It wants to see the world for itself, without it being tainted by these eyes. Smell the wind and touch the rain.

I'm afraid, Mr Brain, that I still need you for the time being. There are new things to learn and many, many more exams to sit and I can't do those things by myself.

So sit still. Just for a little while. Then you can leave.
04/03 Direct Link
Spending the last two days throwing up is not how I had hoped I would be spending my time.

Then again, most of the things I do I feel are a waste of time. Nevertheless, wasting time does not have to be a waste of time.

I remember that when I was younger, I used to think that when I died, my whole life would be replayed to me as a film with God watching, and he would make comments.

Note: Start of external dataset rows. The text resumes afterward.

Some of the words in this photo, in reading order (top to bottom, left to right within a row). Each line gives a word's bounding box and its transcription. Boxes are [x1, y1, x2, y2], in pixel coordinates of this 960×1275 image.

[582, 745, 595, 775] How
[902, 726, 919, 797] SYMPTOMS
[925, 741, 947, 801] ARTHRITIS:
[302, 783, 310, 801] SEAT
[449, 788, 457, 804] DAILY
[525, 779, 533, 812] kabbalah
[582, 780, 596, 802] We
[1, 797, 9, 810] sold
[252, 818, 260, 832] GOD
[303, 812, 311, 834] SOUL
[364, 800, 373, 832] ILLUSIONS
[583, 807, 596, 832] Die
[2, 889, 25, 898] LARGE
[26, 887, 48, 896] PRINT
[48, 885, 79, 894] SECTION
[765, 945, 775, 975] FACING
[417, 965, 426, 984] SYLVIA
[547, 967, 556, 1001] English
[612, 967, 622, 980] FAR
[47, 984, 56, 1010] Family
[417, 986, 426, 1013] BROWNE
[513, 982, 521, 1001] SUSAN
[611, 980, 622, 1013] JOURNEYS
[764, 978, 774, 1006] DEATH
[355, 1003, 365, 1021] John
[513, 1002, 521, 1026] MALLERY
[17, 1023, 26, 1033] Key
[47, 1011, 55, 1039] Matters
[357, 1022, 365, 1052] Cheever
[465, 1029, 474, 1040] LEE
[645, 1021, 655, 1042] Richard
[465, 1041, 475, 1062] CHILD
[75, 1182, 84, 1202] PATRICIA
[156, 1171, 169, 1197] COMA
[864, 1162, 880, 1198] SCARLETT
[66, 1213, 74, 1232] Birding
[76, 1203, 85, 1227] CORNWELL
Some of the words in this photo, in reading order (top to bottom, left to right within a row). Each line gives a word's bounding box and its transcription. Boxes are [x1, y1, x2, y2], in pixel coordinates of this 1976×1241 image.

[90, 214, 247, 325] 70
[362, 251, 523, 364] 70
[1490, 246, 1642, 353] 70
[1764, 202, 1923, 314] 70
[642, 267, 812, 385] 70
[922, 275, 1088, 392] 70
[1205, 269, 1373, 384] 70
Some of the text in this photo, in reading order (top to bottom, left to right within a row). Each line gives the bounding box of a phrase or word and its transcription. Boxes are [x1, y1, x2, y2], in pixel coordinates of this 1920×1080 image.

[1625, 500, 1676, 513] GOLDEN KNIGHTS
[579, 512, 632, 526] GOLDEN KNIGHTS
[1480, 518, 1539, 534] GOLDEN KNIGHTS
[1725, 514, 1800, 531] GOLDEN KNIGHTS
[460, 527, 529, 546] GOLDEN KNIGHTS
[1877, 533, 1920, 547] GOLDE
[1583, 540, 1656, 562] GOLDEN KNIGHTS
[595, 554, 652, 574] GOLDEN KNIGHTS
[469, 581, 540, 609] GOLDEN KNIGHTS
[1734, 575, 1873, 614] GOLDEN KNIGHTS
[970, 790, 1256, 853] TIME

'You spent how much time looking at funny pictures of cats?'

I'm sorry, God. But they were very funny pictures.
04/04 Direct Link
Sometimes, Jason thought, you just have to give in and give up.

So he had. He had politely informed his workplace that he would not be turning up tomorrow. They didn't seem to care. To be honest, they had seemed surprised that he had even worked for them in the first place.

'Well...good luck...'

'Jason.'

'Jason.'

'I've worked here for five years.'

'Really? Five years...'

He then took his mug, which had the inscription 'you don't have to be crazy to work here, but it helps!', and smashed it against the wall before walking out into the new world.
04/05 Direct Link
'I don't really feel human anymore.'

'That's a very human thing to feel.'

'Is it?'

'Of course it is. We all worry about not being fully human. About not thinking and feeling the right, correct things. We're afraid that everyone around us is being more human than we are, living life better than we ever can and all we can do is run behind them, trying to keep up with their humanity. In reality, what does it actually mean to feel human? Nothing, really. Human is what you make of it. Live how you like. That's all you can do.'
04/06 Direct Link
'Mr virus?'

'Yes David?'

'I am fully aware that you are not a sentient being, meaning that by actually talking to you will not help, but I would really appriciate it if you would leave me alone.'

'Well, as you have previously stated, I can't really help.'

'I know. But...I planned to do so much. Work and revision. Grapple with my double bass. Paint with inks. I mean, I would only have done half off that stuff anyway, but at the moment, I have done nothing at all. Which is not helpful. Not helpful at all, to be honest.'
04/07 Direct Link

Jason returned home and started packing his things. There was very little to pack. Possessions were limited, by space and by funds.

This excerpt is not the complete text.